— Problem details —
I'd like the entries reproduced exactly, with all pictures omitted.

Records drawn from a dataset
========================================

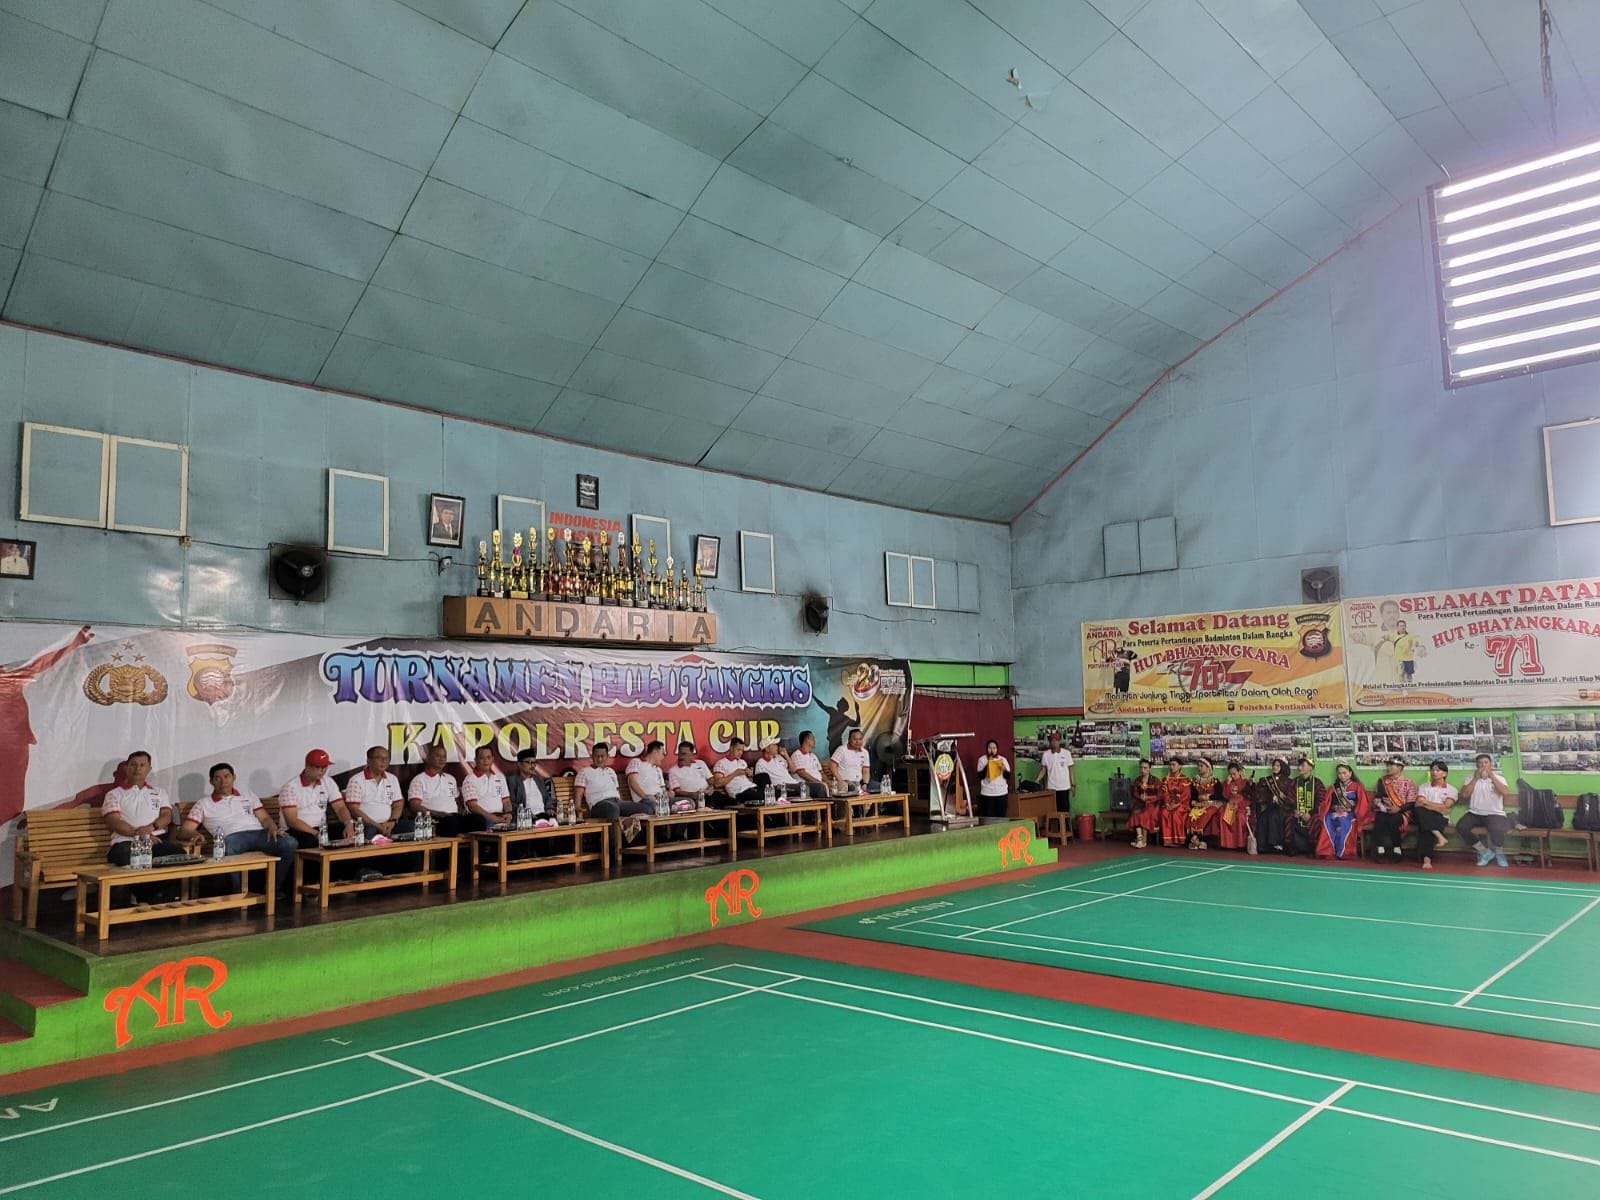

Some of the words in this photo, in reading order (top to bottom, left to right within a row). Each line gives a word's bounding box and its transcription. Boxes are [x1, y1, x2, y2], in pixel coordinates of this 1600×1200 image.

[549, 512, 621, 532] INDONESIA
[1399, 589, 1512, 613] SELAMAT
[1417, 613, 1434, 621] Para
[1435, 610, 1461, 619] Peserta
[1463, 606, 1512, 617] Pertandingan
[1513, 603, 1555, 613] Badminton
[1557, 602, 1582, 610] Dalam
[474, 600, 711, 641] ANDARIA
[1086, 629, 1123, 640] ANDARIA
[1127, 617, 1206, 636] Selamat
[1212, 612, 1290, 630] Datang
[1432, 625, 1465, 648] HUT
[1467, 615, 1600, 637] BHAYANGKARA
[1122, 639, 1136, 648] Para
[1137, 638, 1160, 648] Peserta
[1161, 635, 1203, 646] Pertandingan
[1204, 632, 1241, 642] Badminton
[1242, 630, 1265, 640] Dalam
[1266, 628, 1293, 639] Rangka
[1133, 652, 1162, 674] HUT
[1165, 643, 1291, 669] BHAYANGKARA
[1484, 633, 1544, 677] 71
[323, 652, 585, 704] TURNAMEN
[590, 660, 811, 705] BULUTANGKIS
[1184, 659, 1219, 690] 70
[1140, 691, 1168, 704] Junjung
[1241, 688, 1270, 699] Dalam
[1271, 687, 1294, 698] Olah
[1294, 686, 1319, 701] Raga
[1274, 701, 1317, 711] Pontianak
[1318, 700, 1344, 710] Utara
[387, 719, 696, 766] KAPOLRESTA
[997, 825, 1035, 869] AR
[704, 868, 763, 928] AR
[103, 956, 233, 1049] AR

========================================

— Answer section —
Some of the words in this photo, in reading order (top to bottom, left to right within a row). Each line gives a word's bounding box and its transcription. Boxes are [x1, y1, x2, y2], in pixel coordinates of this 1600×1200 image.

[549, 512, 621, 532] INDONESIA
[1399, 589, 1512, 613] SELAMAT
[1417, 613, 1434, 621] Para
[1435, 610, 1461, 619] Peserta
[1463, 606, 1512, 617] Pertandingan
[1513, 603, 1555, 613] Badminton
[1557, 602, 1582, 610] Dalam
[474, 600, 711, 641] ANDARIA
[1086, 629, 1123, 640] ANDARIA
[1127, 617, 1206, 636] Selamat
[1212, 612, 1290, 630] Datang
[1432, 625, 1465, 648] HUT
[1467, 615, 1600, 637] BHAYANGKARA
[1122, 639, 1136, 648] Para
[1137, 638, 1160, 648] Peserta
[1161, 635, 1203, 646] Pertandingan
[1204, 632, 1241, 642] Badminton
[1242, 630, 1265, 640] Dalam
[1266, 628, 1293, 639] Rangka
[1133, 652, 1162, 674] HUT
[1165, 643, 1291, 669] BHAYANGKARA
[1484, 633, 1544, 677] 71
[323, 652, 585, 704] TURNAMEN
[590, 660, 811, 705] BULUTANGKIS
[1184, 659, 1219, 690] 70
[1140, 691, 1168, 704] Junjung
[1241, 688, 1270, 699] Dalam
[1271, 687, 1294, 698] Olah
[1294, 686, 1319, 701] Raga
[1274, 701, 1317, 711] Pontianak
[1318, 700, 1344, 710] Utara
[387, 719, 696, 766] KAPOLRESTA
[997, 825, 1035, 869] AR
[704, 868, 763, 928] AR
[103, 956, 233, 1049] AR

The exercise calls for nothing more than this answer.